Writer/director Kyle Rankin describes Infestation (2009) as a zombie movie using bugs. If you take your lesser zombie and/or bug movies seriously, note that this review contains SPOILERS. For example, the following sentences might spoil your sense of location in the movie: Rankin wanted to set the movie in Anywhere, U.S.A. However, at one point he was required to specify which state the license plates in the movie should represent. He chose Colorado because the office park they were using for the shoot reminded him of Colorado Springs. However, the movie was shot, start to finish, in Sofia, Bulgaria. If you know this going in, perhaps you will find yourself thinking, hmm, Americans in Bulgaria – hope they’re enjoying the foreign experience. Or your eye might stray from the foreground to the landscape, as your inner tourist takes control during some moment of overlong exposition. Someone told Rankin in advance that there would be bad food but beautiful women, which seemed like an ok tradeoff to him (he hooked up with a woman but also focused on the local gustatory delicacies, such as they were). He then checked Wikipedia to ascertain where Sofia, and in fact, Bulgaria, was. I myself know two Bulgarian women, offhand. One beautiful, the other a good mother.
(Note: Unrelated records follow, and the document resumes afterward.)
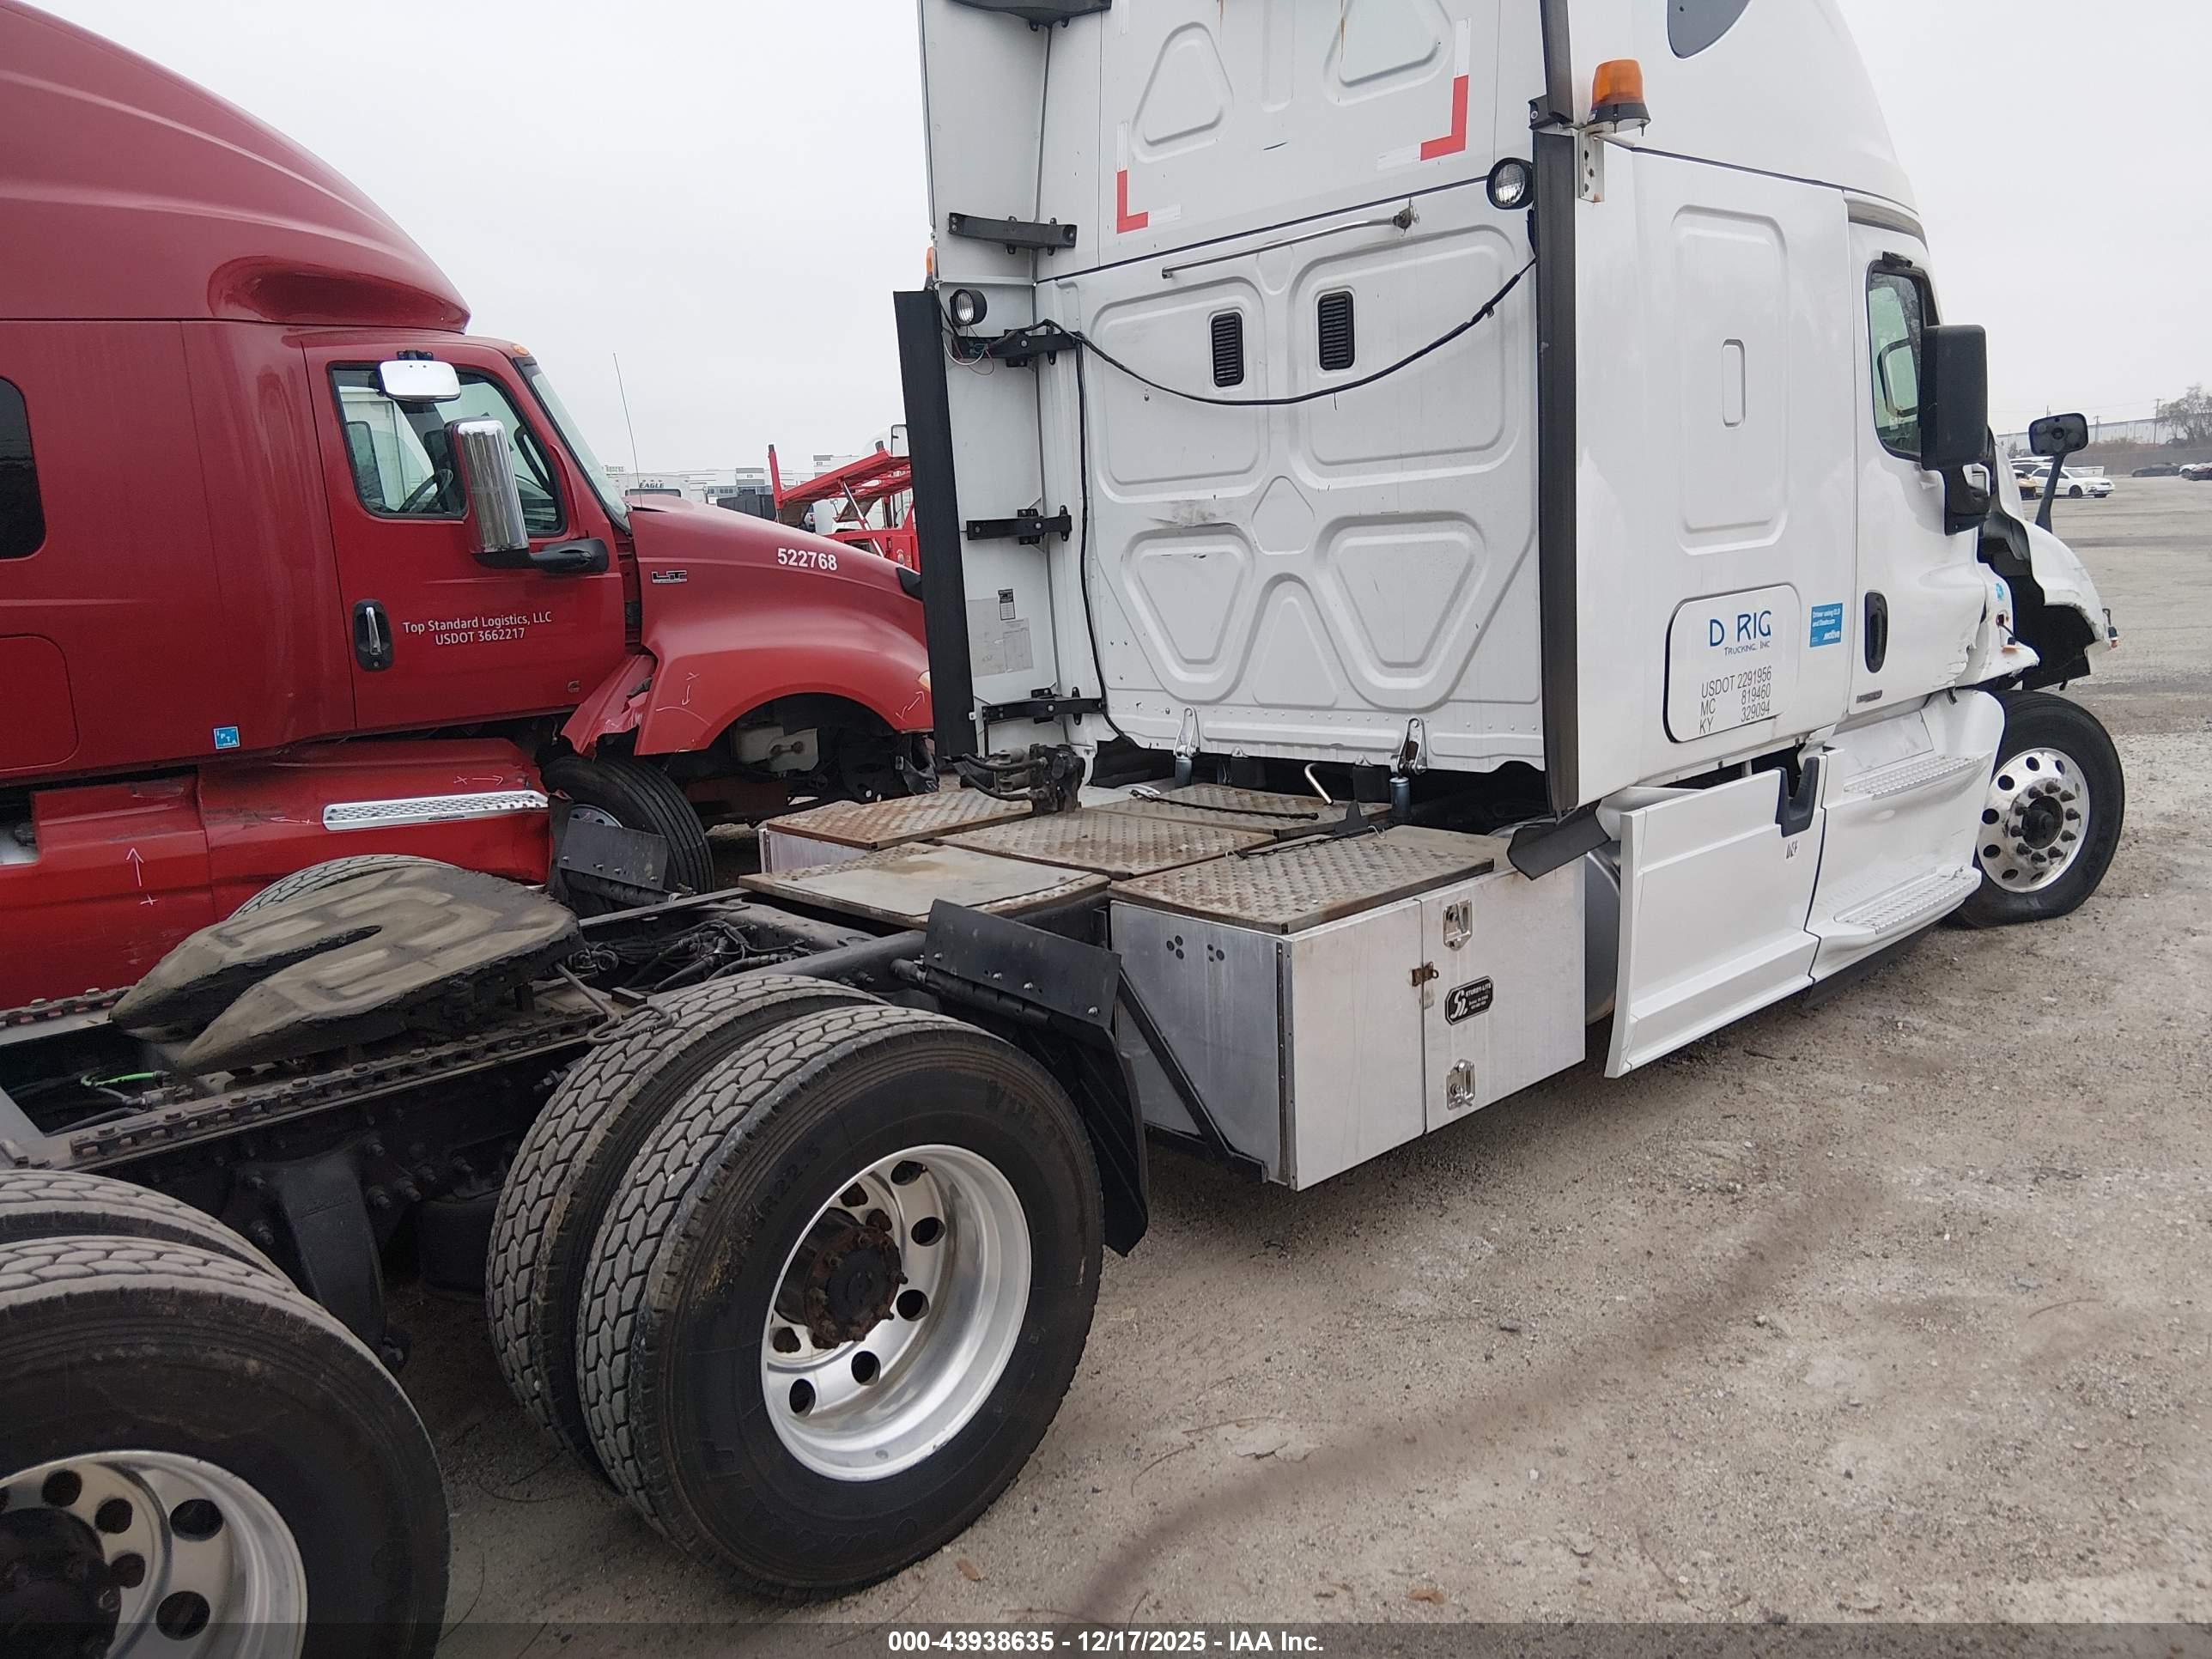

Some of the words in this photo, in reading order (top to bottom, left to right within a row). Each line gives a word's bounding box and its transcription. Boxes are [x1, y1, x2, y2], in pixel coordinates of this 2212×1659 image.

[777, 547, 838, 571] 522768
[404, 622, 425, 635] Top
[428, 617, 478, 632] Standard
[482, 614, 531, 628] Logistics,
[533, 611, 552, 623] LLC
[435, 631, 474, 645] USDOT
[477, 628, 526, 642] 3662217
[1709, 618, 1725, 647] D
[1737, 610, 1771, 642] RIG
[1759, 640, 1771, 650] INC
[1701, 675, 1735, 698] USDOT
[1737, 665, 1771, 689] 2291956
[1700, 698, 1717, 716] MC
[1741, 684, 1771, 705] 819460
[1699, 717, 1714, 735] KY
[1741, 701, 1771, 722] 329094
Making movies in Bulgaria to save money may be tapering off, but I haven’t checked to confirm. Bulgaria joined the European Union at the start of 2007, but the Lev won’t be replaced by the Euro sooner than 2013, so the favorable Lev/Dollar exchange rate remains. As someone observed, however, your movie-making in Bulgaria should feature cheap, because everything in the country is cheap. I heard somewhere that many production teams are moving to South Africa now, another inexpensive place to film.
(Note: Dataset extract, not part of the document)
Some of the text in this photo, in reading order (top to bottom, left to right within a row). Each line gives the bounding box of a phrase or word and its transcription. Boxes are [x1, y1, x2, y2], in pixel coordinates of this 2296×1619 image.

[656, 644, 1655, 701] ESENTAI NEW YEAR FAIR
I know these things about Bulgaria and Rankin in Bulgaria because I elected to watch Infestation with his commentary turned on (which also means, with the dialog 99% inaudible). This is the first time, if my memory serves, that I’ve watched a movie with the commentary track turned on first, from the beginning. It’s a strange experience. You see but don’t hear the movie. Conflict between bug and human is manifest; the more important conflict between human and human is absent. Also, this is a horror comedy, with most of the humor in the dialog (assuming that it’s there at all). Thus, THIS IS NOT A REVIEW UNLESS I GO BACK AND LISTEN TO INFESTATION. Will I do that? Don’t know yet. First must finish watching the commentary. Rankin recorded it in 2008, so it’s not exactly au courant (the movie was shot summer of 2007 and went on the festival road). I’ve got to take this review thing a little seriously here, because more than one list maker has included Infestation as one of their top 10 horror films of 2009.
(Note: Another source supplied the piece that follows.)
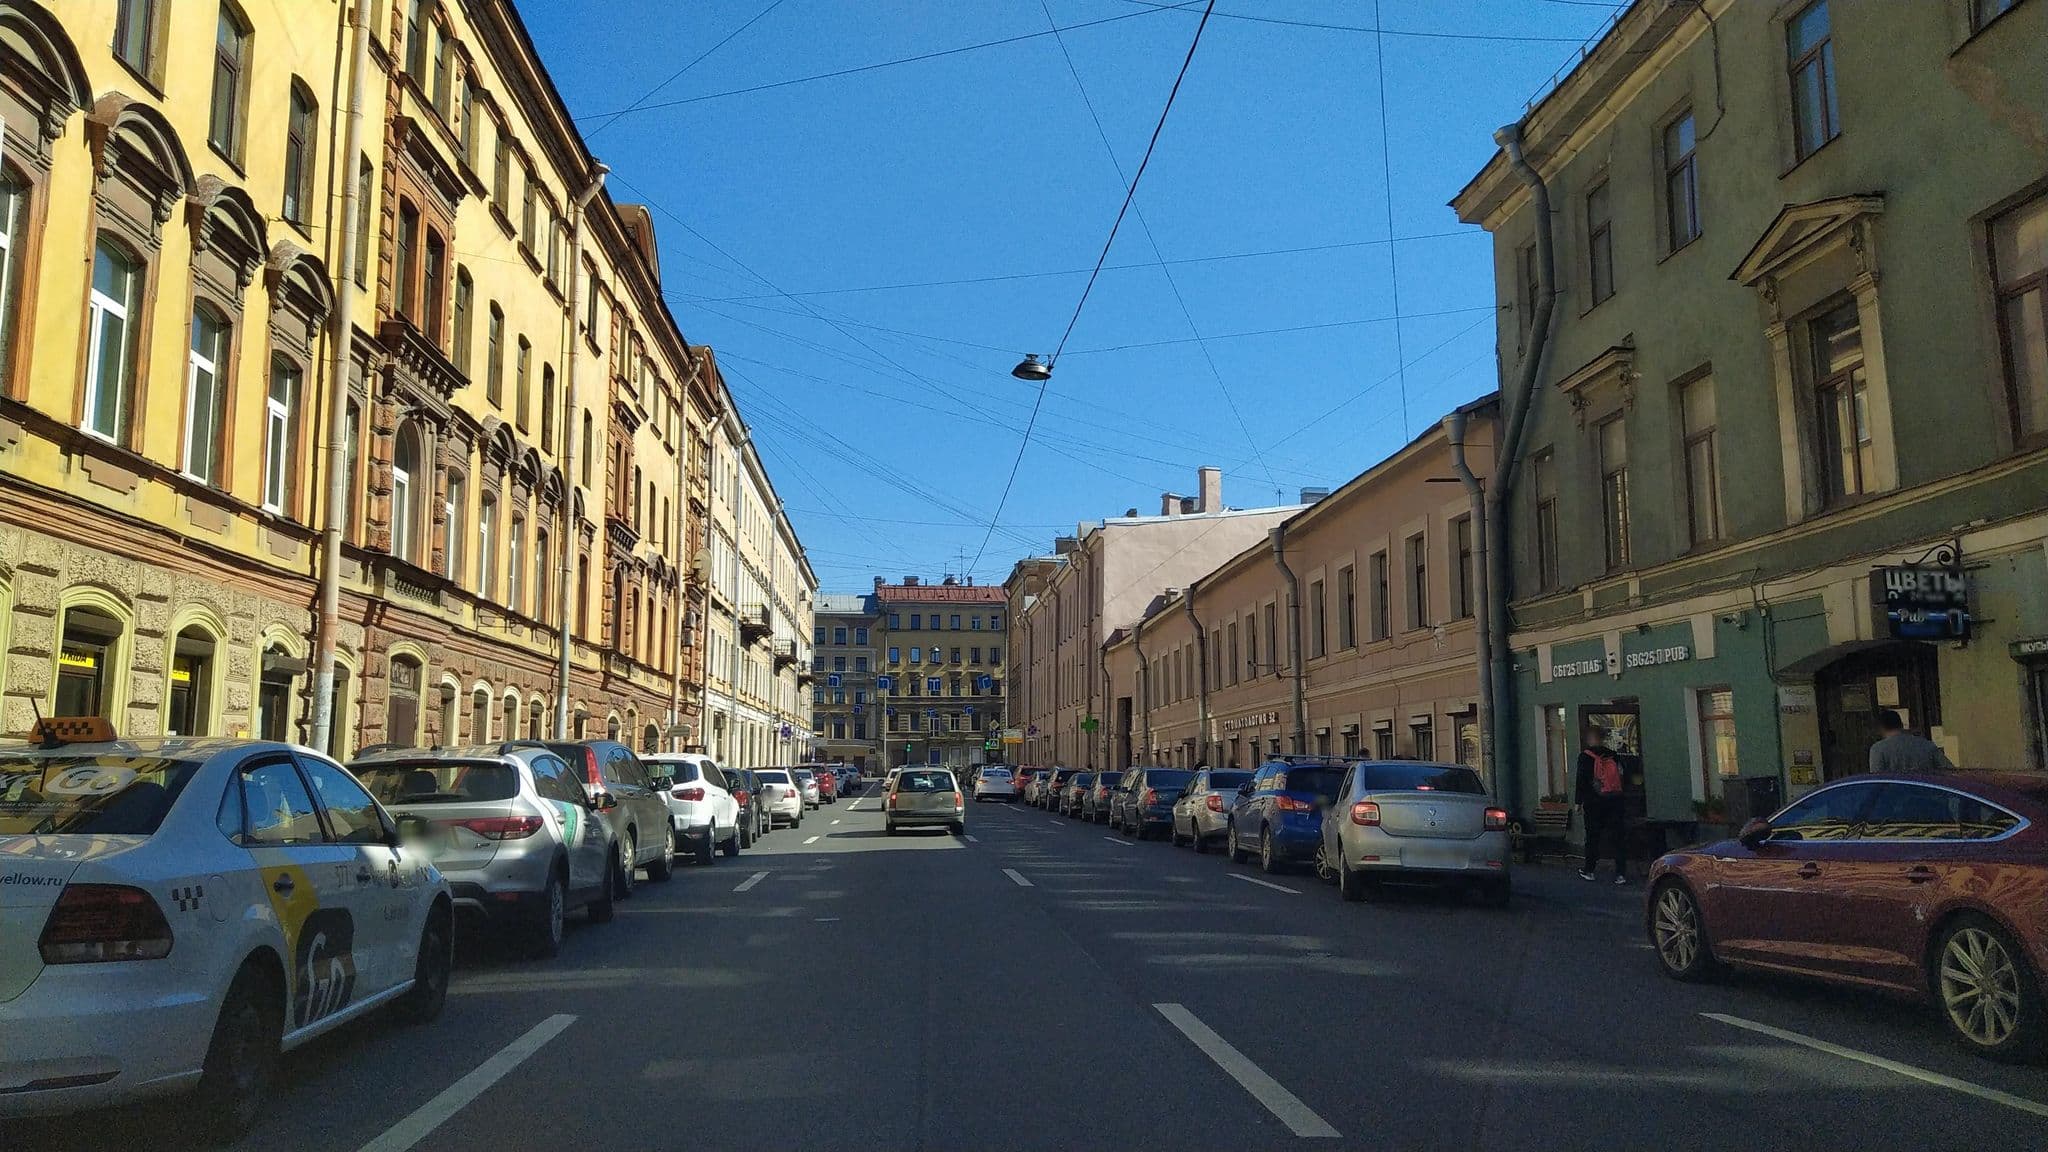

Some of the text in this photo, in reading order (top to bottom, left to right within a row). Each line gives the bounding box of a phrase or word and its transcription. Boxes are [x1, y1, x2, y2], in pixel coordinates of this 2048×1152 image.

One bit of plot explanation, if you plan to watch the movie. The bugs wrap up the humans and then inject something into their jugulars. (How the bugs see through the cocoon to do that accurately, I don’t know.) But in the hero’s case, the bug is distracted at the crucial moment and injects the whatever through the hero’s cheek into his mouth instead of into the vein. Therefore the hero can bust out of the cocoon and run around busting others out. How come they can wake up too, if they’ve been jugulared? Wait… You can’t think about stuff like that in a B- or C-level bug movie. Listening to the commentary, you realize how much of what you’re watching depends upon how the film was cut, how much time the crew had while shooting any given scene, the impact that a moose head falling off the wall accidentally can have, so forth. The movie is loaded with ADR (Automated Dialogue Replacement or Additional Dialogue Recording, also known as dubbing or looping).
Movie notes:
– If you’re going to put boobs… nah, I’m not going to go there. Except to say that the one terrible mistake, for me, in the masterpiece that is Mulholland Drive (2001), is the bad boob job. Please don’t take me out of the movie just because Dr. Plastic Hollywood over there in Woodland Hills couldn’t do his job right.
– Linda Park is not Grace Park.
– Small bugs are scary, as in Splinter (2008). Big bugs are goofy.
– Rankin was the casting director for Reindeer Games. Since then, he has made eight movies (long and short), this one in association with Icon, which is Mel Gibson’s company. Do what you want with the bugs, but don’t bug Mel!
– It took them 7 weeks to build the bug nest. They blew up a miniature of it in Topanga, behind Rankin’s house.
– Screenplay called for a box of animal cookies on the shelf. The hero opens the cupboard and there they are, provided by the Bulgarian crew, biscuits for a cat.
Maybe that wasn’t such a good idea, listening to the commentary first. But no, it was fun.
I did watch the movie, finally. It was pretty good. Lively. The bugs were ok, excepting the usual amount of pure nonsense so often present in these movies. Sure, it was Bulgaria, but a bug’s a bug. There were some excellent action effects. Rankin writes pretty good – writes better comic dialog than I ever could. Chris Marquette is a funny guy. I smiled a lot. Most importantly, I cared about the characters.